#### [ABOUT THIS EXERCISE]
Retype the listing below exactly, beginning at the line that contains "Some of the words" and ending with its last line.

#### [RECORDS FOR THE EXERCISE]
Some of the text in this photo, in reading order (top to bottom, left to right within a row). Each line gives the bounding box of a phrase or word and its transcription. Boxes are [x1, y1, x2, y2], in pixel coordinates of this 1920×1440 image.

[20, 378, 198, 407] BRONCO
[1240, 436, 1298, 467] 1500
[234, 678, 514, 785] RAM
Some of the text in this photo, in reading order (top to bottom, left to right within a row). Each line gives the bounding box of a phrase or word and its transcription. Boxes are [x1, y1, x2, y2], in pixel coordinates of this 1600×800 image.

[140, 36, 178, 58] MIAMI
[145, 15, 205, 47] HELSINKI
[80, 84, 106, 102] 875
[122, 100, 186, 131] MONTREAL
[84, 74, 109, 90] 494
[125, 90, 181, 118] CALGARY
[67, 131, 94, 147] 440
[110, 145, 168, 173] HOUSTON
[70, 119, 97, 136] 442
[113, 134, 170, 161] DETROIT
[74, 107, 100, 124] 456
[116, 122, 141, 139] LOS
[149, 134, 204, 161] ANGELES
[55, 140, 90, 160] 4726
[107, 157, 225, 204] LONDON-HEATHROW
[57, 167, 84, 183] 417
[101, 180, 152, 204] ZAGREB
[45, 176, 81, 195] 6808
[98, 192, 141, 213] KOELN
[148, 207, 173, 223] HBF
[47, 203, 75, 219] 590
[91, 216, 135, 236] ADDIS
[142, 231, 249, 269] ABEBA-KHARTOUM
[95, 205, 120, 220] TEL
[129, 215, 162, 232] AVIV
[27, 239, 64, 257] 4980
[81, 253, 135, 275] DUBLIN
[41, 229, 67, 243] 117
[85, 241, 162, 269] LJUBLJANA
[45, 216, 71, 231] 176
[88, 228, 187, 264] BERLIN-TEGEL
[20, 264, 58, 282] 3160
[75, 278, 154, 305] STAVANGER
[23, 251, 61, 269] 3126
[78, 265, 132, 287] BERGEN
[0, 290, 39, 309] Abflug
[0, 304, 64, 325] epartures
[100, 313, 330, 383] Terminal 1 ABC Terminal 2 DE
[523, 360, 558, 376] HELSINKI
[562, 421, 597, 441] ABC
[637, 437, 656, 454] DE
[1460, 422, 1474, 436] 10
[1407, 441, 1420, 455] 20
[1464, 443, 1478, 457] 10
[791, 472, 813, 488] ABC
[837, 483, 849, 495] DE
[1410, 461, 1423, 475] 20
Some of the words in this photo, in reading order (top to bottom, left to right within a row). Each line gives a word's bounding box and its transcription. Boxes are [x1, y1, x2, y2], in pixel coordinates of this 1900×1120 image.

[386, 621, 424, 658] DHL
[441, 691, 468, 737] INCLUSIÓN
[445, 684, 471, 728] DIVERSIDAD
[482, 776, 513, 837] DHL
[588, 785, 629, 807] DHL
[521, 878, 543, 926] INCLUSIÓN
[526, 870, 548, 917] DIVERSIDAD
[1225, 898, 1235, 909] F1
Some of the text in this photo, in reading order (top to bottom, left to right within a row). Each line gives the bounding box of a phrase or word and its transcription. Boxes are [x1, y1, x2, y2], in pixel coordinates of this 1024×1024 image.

#### [ANSWER BOX]
Some of the words in this photo, in reading order (top to bottom, left to right within a row). Each line gives a word's bounding box and its transcription. Boxes are [x1, y1, x2, y2], in pixel coordinates of this 1900×1120 image.

[386, 621, 424, 658] DHL
[441, 691, 468, 737] INCLUSIÓN
[445, 684, 471, 728] DIVERSIDAD
[482, 776, 513, 837] DHL
[588, 785, 629, 807] DHL
[521, 878, 543, 926] INCLUSIÓN
[526, 870, 548, 917] DIVERSIDAD
[1225, 898, 1235, 909] F1
Some of the text in this photo, in reading order (top to bottom, left to right within a row). Each line gives the bounding box of a phrase or word and its transcription. Boxes are [x1, y1, x2, y2], in pixel coordinates of this 1024×1024 image.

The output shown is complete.